You drove your car on business trips. You made a report of how many miles you drove for business, the dates, the specific destination and the purpose of the trips. You have all the expense receipts for gas and other out-of-pocket expenses. You submitted the expense documentation to your employer who reimbursed you. This is a valid tax-deductible business expense for the employer, right?
Maybe not, according to the IRS. Following is an opinion directly from IRS appeals office. The bold type and underline is added for emphasis in this discussion.
Section 274(d) prescribes more stringent substantiation requirements before a taxpayer may deduct certain categories of expenses, including expenses related to the use of listed property as defined in section 280F(d)(4). See- Sarifi;rd v. Commissioner, 50 TC. 823, 827 (1968), afd, 412 F 2d 201 (2d Cir.1969). As relevant here, the term “listed property” includes passenger automobiles. Sec. 280F (d)(4)(,4)(i). To satisfy the requirements of section 274(d), a taxpayer generally must maintain records and documentary evidence which, in combination, are sufficient to establish the amount, the date, and the business purpose for an expenditure or business use of listed property. Sec. l.274-5T (b)(6) Temporary Income Tax Regs., 50 Fed. Reg. 46016 (Nov. 6,1985).
When a taxpayer uses a vehicle for personal as well as for business purposes, he or she must allocate expenses between personal and business use in accordance with the strict substantiation requirements of section 274(d). Sec. 280F(d)(4)(,4)( i); sec. l .274-5T(d)(2)(i), Temporary Income Tax Regs., 50 Fed.
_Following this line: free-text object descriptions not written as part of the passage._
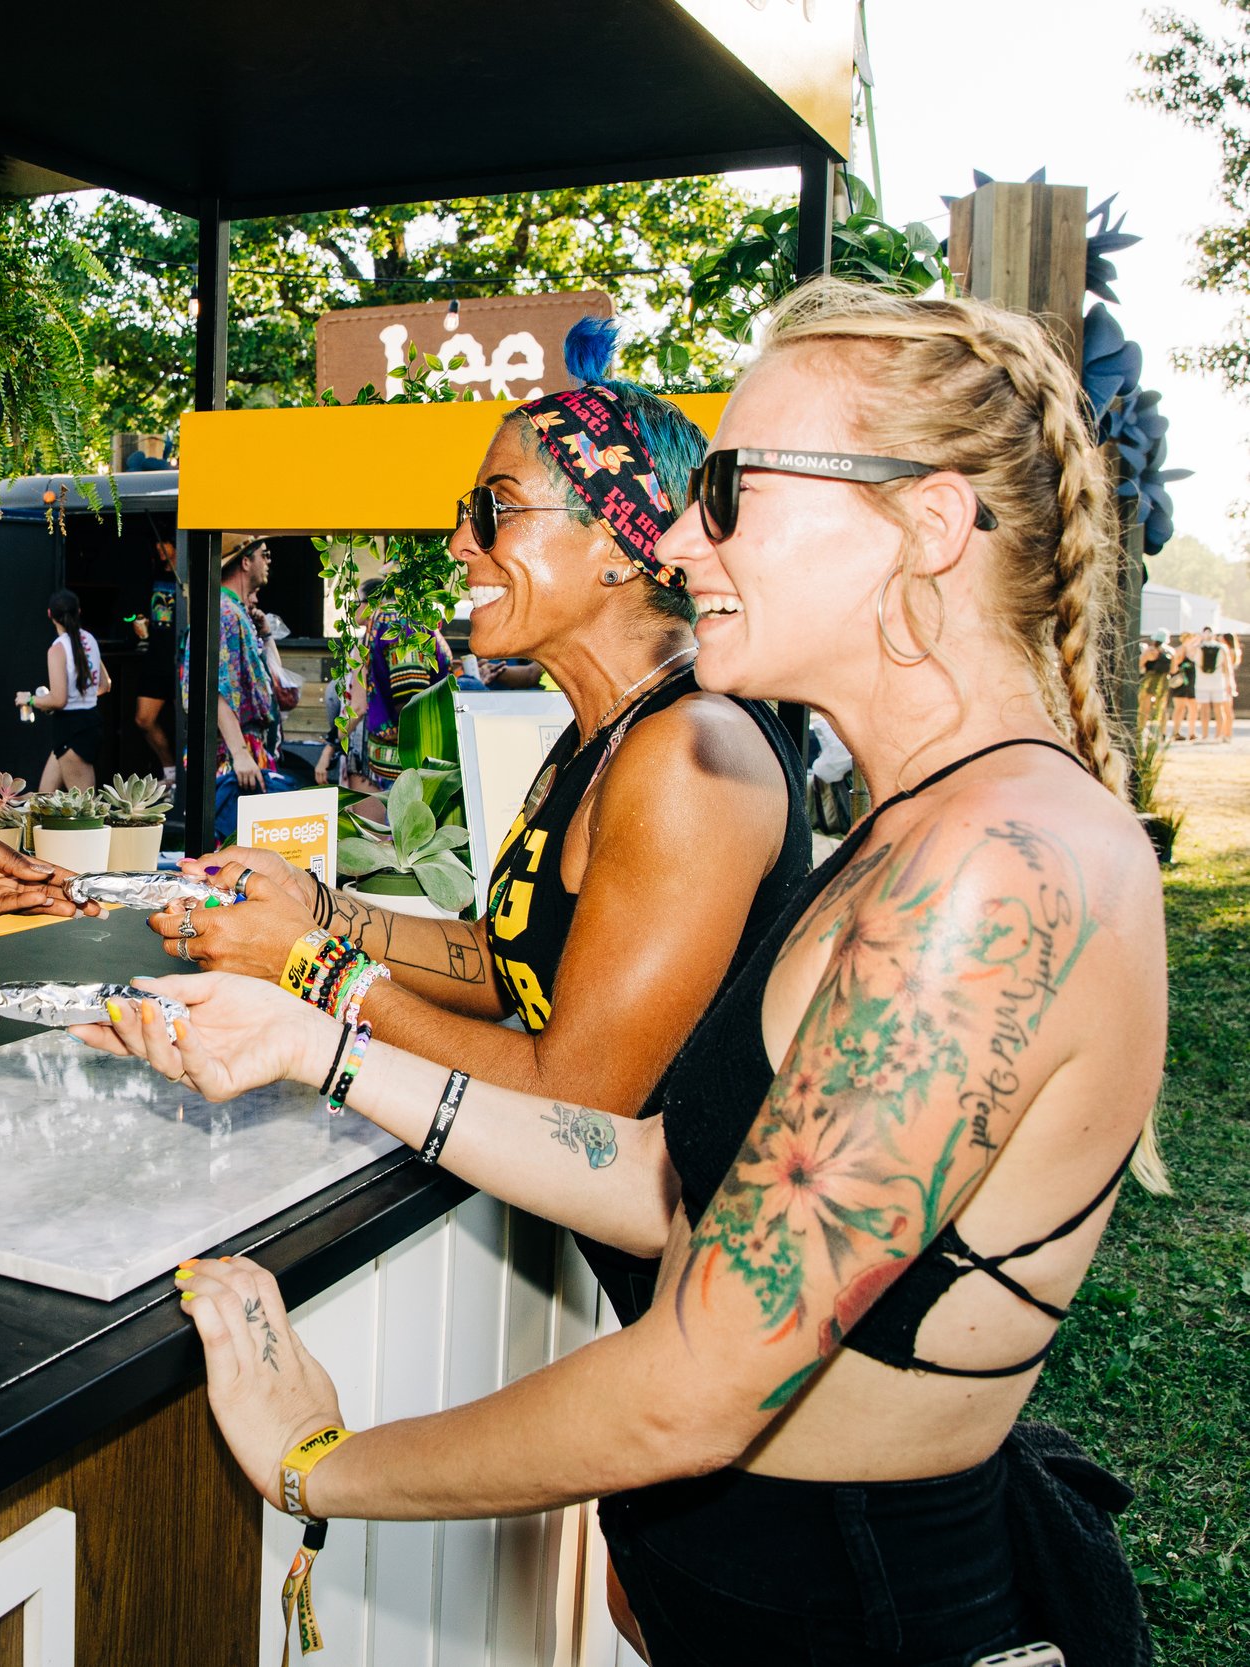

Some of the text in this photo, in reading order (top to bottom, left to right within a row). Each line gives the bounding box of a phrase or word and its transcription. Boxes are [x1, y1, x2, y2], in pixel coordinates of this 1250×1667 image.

[379, 323, 545, 401] Lee
[555, 391, 609, 437] That!
[585, 398, 611, 422] Hit
[779, 453, 853, 472] MONACO
[607, 485, 637, 516] I'd
[254, 821, 325, 844] Free eggs
[1034, 883, 1072, 1012] Spirit
[288, 957, 308, 990] Thur
[990, 977, 1037, 1066] Wild
[437, 1103, 455, 1131] Shine
[300, 1430, 339, 1453] Thur
Reg. 46025 (Nov. 6, 1985).
The Cohan rule, which allows the courts to estimate the amount of a taxpayer’s expenses when adequate records do not exist, does not apply for the expenses covered by the substantiation mies of Sec. 274(d) Temp. Reg.§ l .274-5T(a)(l ).
In other words, IRS is saying that if the taxpayer cannot document the total business use and the total personal use of the vehicle, then none of the expenses are tax-deductible. This is important because very few taxpayers keep records of their total mileage driven for personal purposes during the year. Considering that IRS examinations may occur years after a taxpayer has disposed of an automobile and the related records of the car, there might not be any physical evidence of mileage.
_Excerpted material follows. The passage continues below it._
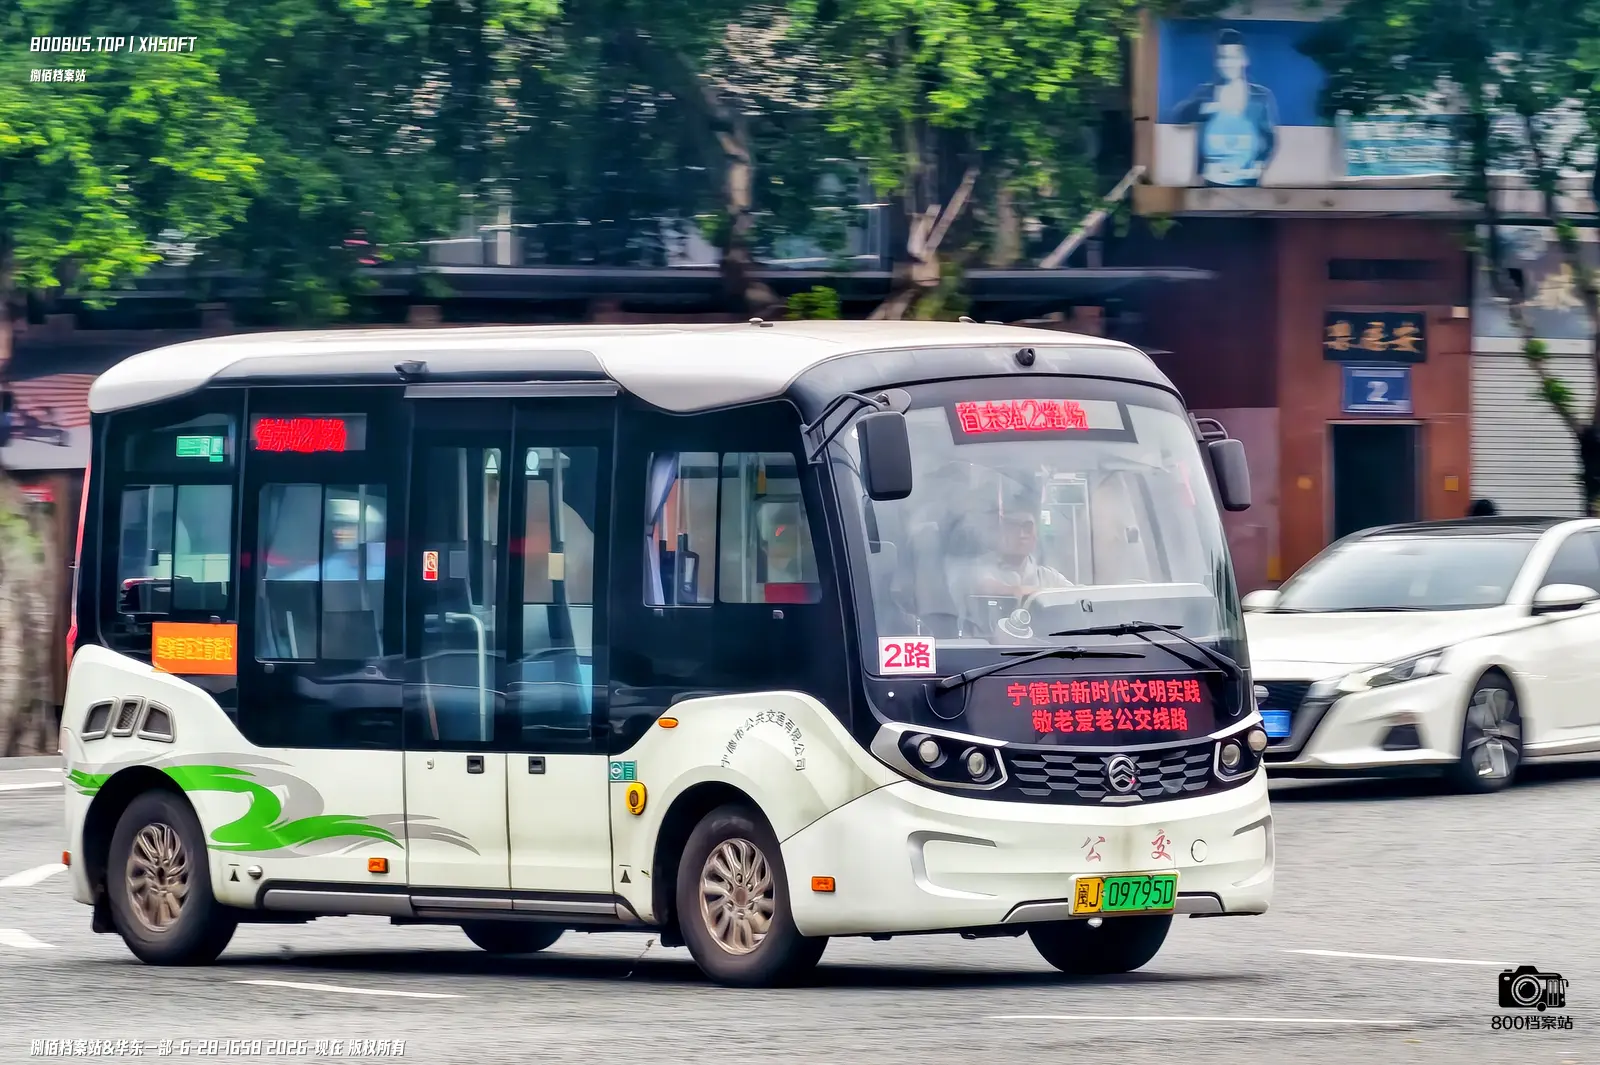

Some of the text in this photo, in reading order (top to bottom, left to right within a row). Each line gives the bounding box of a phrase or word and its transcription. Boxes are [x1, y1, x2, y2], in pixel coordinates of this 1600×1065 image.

[1366, 381, 1389, 402] 2
[884, 641, 931, 669] 2路
[1007, 679, 1201, 706] 宁德市新时代文明实践
[1031, 706, 1189, 733] 敬老爱老公交线路
As a final insult to injury, IRS say that the taxpayer is not entitled to reasonably estimate the facts. Notice that the “strict substantiation requirements” mean that the taxpayer is not entitled to estimate total miles driven for personal purposes.
I am currently working on a client’s tax return examination where all of the travel expenses related to personal auto were denied because the taxpayer is unable to document the total mileage driven for non-business purposes on his personal automobile. While the client may be able to prevail over this IRS opinion in tax court, the cost of bringing the matter to tax court would likely exceed the recoverable amount.
In another client situation, a minority share business owner who is reimbursed for miles driven declines to provide her employer’s accountant with records of personal miles driven because she considers this to be private and personal. The IRS is not satisfied and I expect the deduction to be denied. The business taxpayer will owe additional taxes, penalties and interest.
I recommend that everyone who might deduct travel expenses related to their personal automobile on a business tax return should use an automated cell phone app that documents the miles driven over the course of the year. I use MilesIQ.